‌NCCN Clinical Practice Guidelines: B-Cell Lymphomas (2024.V2)

‌NCCN Clinical Practice Guidelines: B-Cell Lymphomas (2024.V2)

Follicular Lymphoma (FL)

  • Third-Line and Beyond Therapy:
    • T-cell engager bispecific antibodies:‌ Added ‌epcoritamab-bysp‌ as a ‌Category 2A‌ preferred recommendation.
    • CAR-T cell therapy:‌ Added ‌lisocabtagene maraleucel‌ (CD19-targeted) as a ‌Category 2A‌ preferred recommendation.

Marginal Zone Lymphoma (MZL)

  • Second-Line and Beyond Therapy (Including Elderly/Frail Patients):
    • Non-covalent BTK inhibitors:‌ Added ‌pirtobrutinib‌ (post-covalent BTK inhibitor therapy) as a ‌Category 2A‌ preferred recommendation.

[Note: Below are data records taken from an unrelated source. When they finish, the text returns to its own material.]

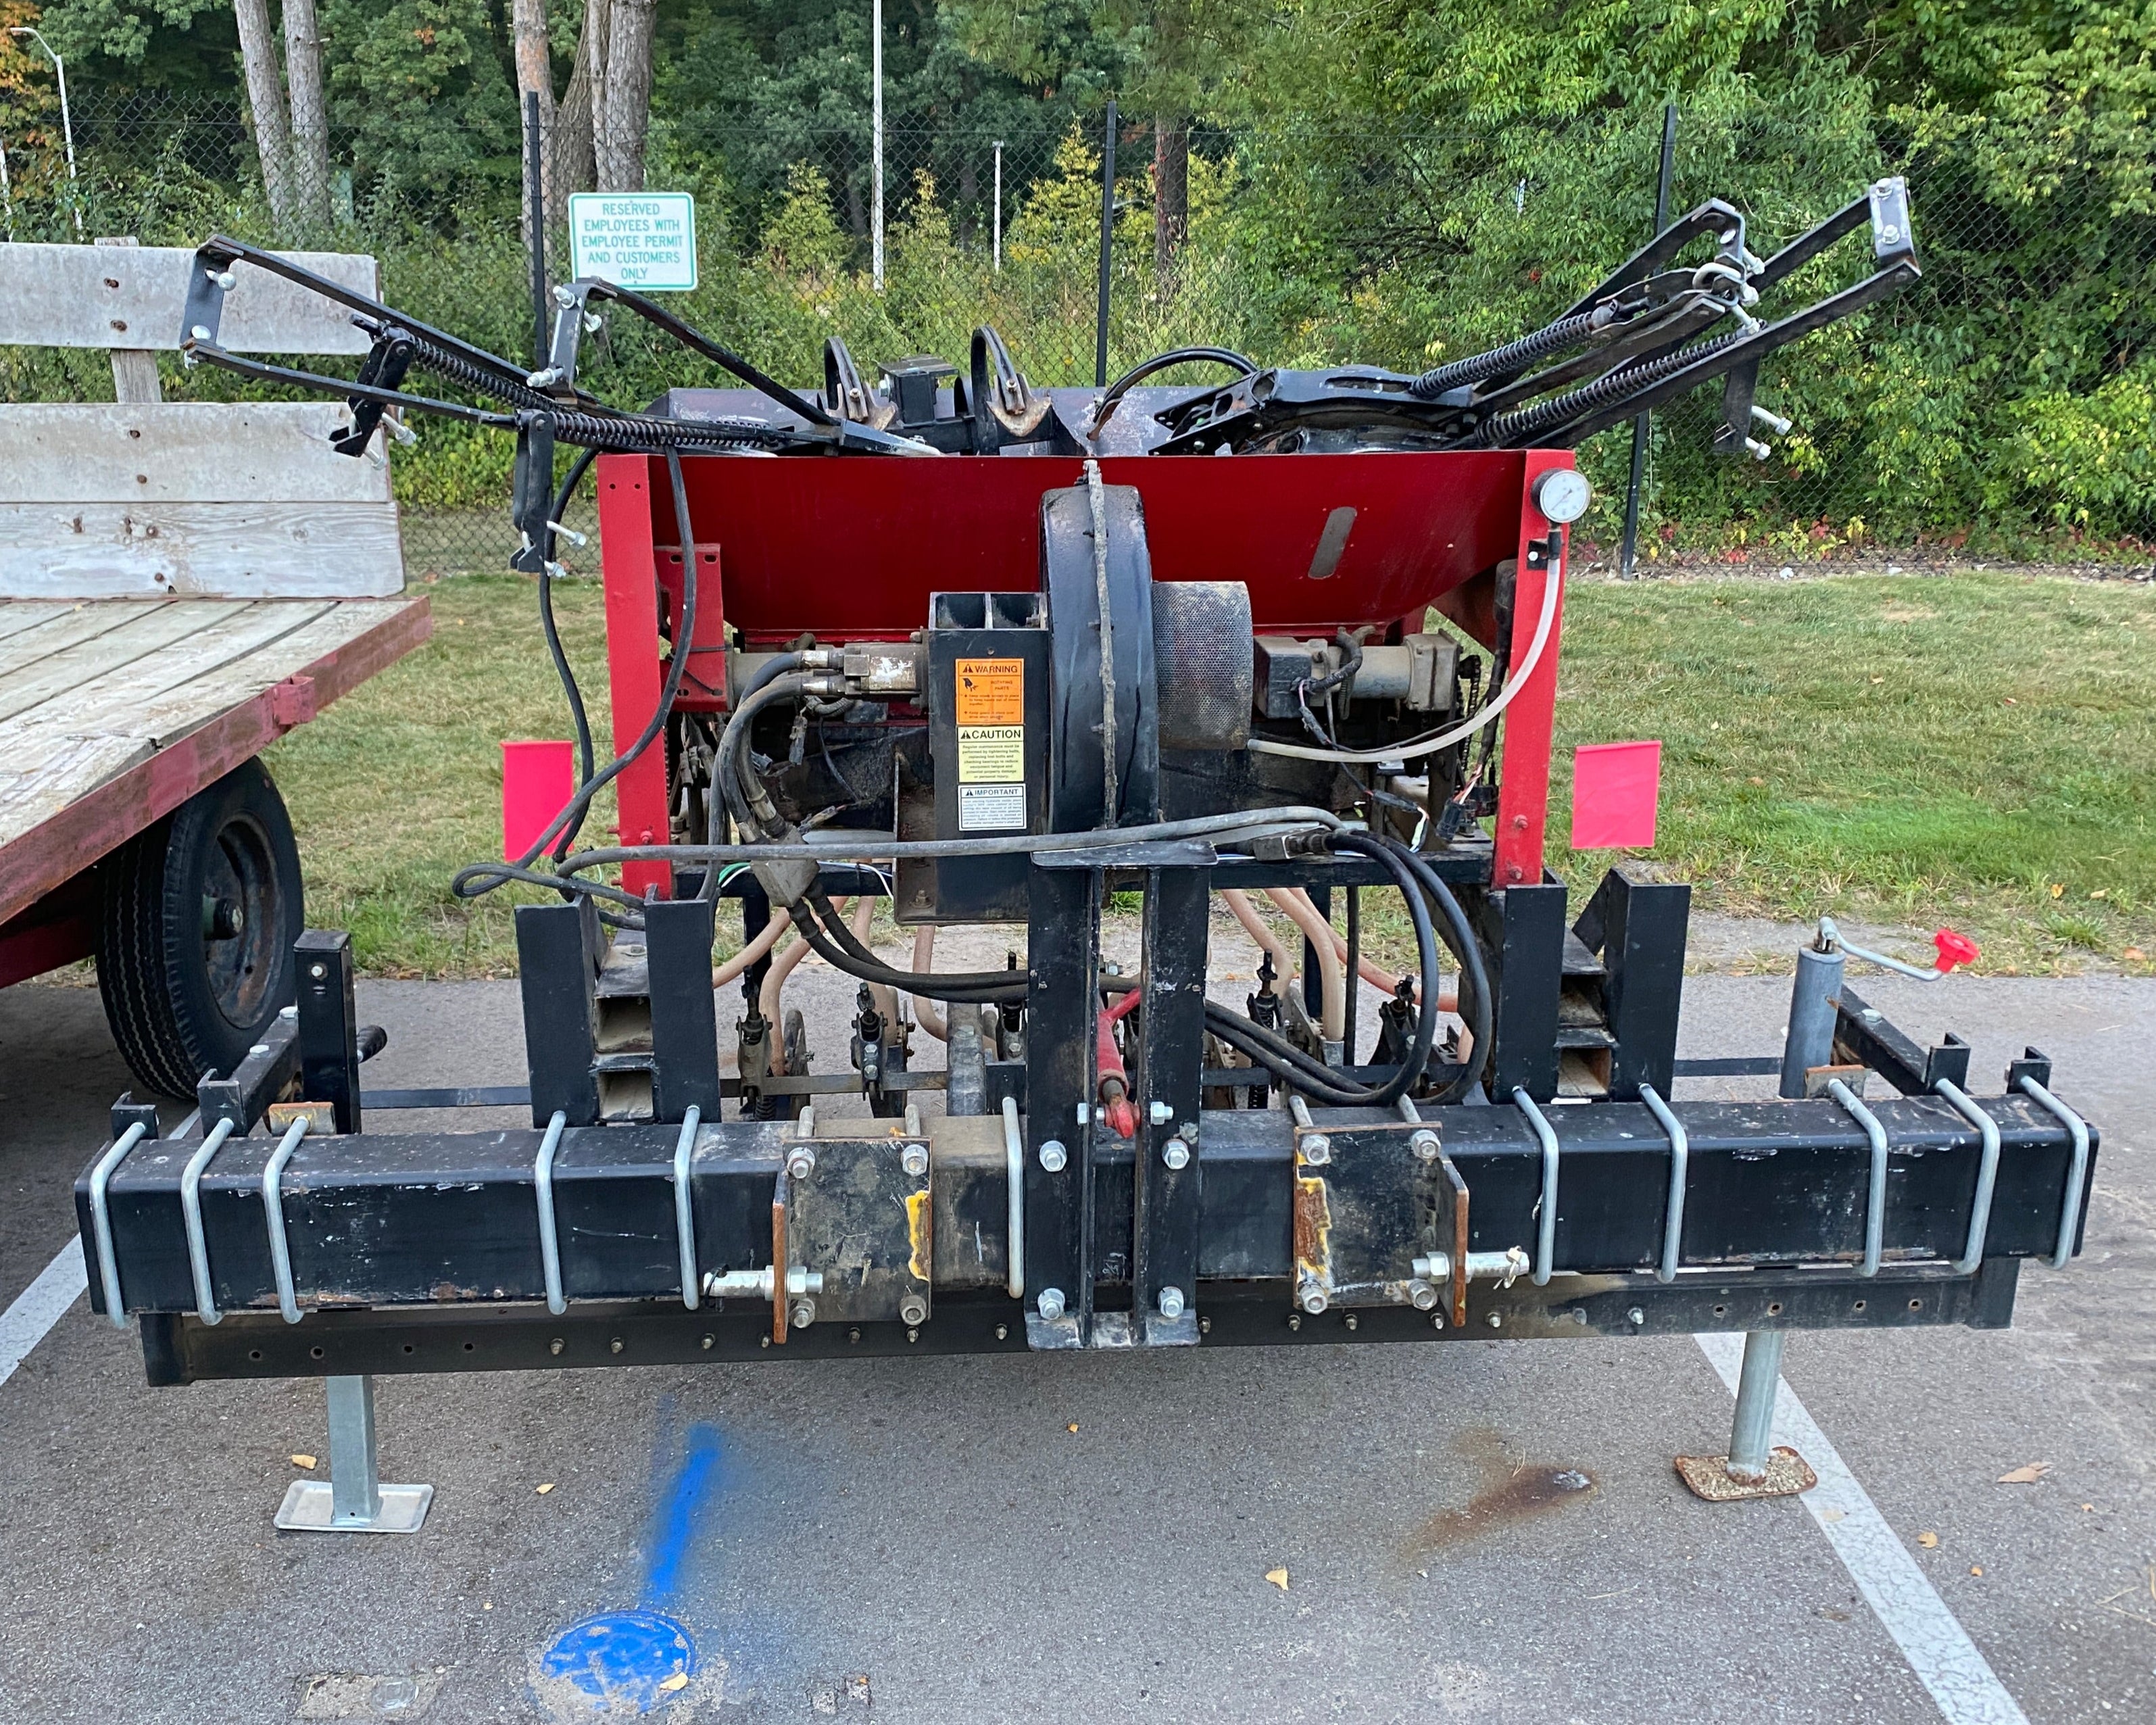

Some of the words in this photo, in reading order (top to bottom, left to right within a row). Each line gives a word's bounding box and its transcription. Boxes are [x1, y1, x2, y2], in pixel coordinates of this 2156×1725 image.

[602, 203, 660, 215] RESERVED
[584, 219, 650, 232] EMPLOYEES
[654, 219, 680, 231] WITH
[582, 236, 639, 247] EMPLOYEE
[645, 236, 683, 247] PERMIT
[588, 252, 610, 264] AND
[616, 251, 681, 264] CUSTOMERS
[621, 268, 648, 279] ONLY
[975, 665, 1018, 673] WARNING
[972, 729, 1021, 739] CAUTION

Mantle Cell Lymphoma (MCL)

  1. Mant-1 Footnote C:
    • Revised from “IHC-detected TP53 is not validated as a surrogate for TP53 mutation status or del(17p)” to “TP53 sequencing is preferred; however, in frontline therapy, IHC-detected TP53 may serve as a surrogate marker but should be confirmed by sequencing.”
  2. Mant-3 (Classic TP53 Mutations):
    • Added ‌zanubrutinib/obinutuzumab/venetoclax‌ (applicable to all patients) as a ‌Category 2A‌ recommendation.

Burkitt Lymphoma (BL)

Induction Therapy

  1. Age <60 Years, Low-Risk:
    • DA-EPOCH + Rituximab:
      • Removed “at least 3 cycles, plus 1 additional cycle post-CR (includes intrathecal methotrexate)”.
      • Added:
        • CR after 2 cycles:‌ Administer ‌1 additional cycle of DA-EPOCH-R‌ (total 3 cycles).
        • PR after 2 cycles:‌ Add ‌intrathecal methotrexate‌ and ‌4 additional cycles of DA-EPOCH-R‌ (total 6 cycles).
      • Applies similarly to ‌age ≥60 years, low-risk‌ patients.
  2. Age <60 Years, High-Risk:
    • Revised DA-EPOCH + Rituximab:
      • Dose-adjusted EPOCH‌ (etoposide + prednisone + vincristine + cyclophosphamide + doxorubicin) + rituximab for ‌6 cycles‌ + ‌intrathecal methotrexate‌ (for high-risk patients with baseline CNS involvement intolerant to intensive therapy).
  3. Age ≥60 Years, High-Risk:
    • DA-EPOCH + Rituximab:‌ Modified to include ‌6 cycles of intrathecal methotrexate‌.

Second-Line Therapy

  • DA-EPOCH + Rituximab:‌ Revised to ‌dose-adjusted EPOCH‌ (as above) + rituximab (if not previously administered) for ‌at least 3 cycles, plus 1 cycle post-CR‌ (includes intrathecal methotrexate).
    • Low-risk patients:
      • CR after 2 cycles: ‌1 additional cycle‌ (total 3 cycles).
      • PR after 2 cycles: Add ‌intrathecal methotrexate‌ and ‌4 additional cycles‌ (total 6 cycles).
    • High-risk patients:‌ ‌6 cycles of intrathecal methotrexate‌.
    • For ‌symptomatic CNS involvement‌, incorporate ‌CNS-penetrant agents‌ into the initial regimen.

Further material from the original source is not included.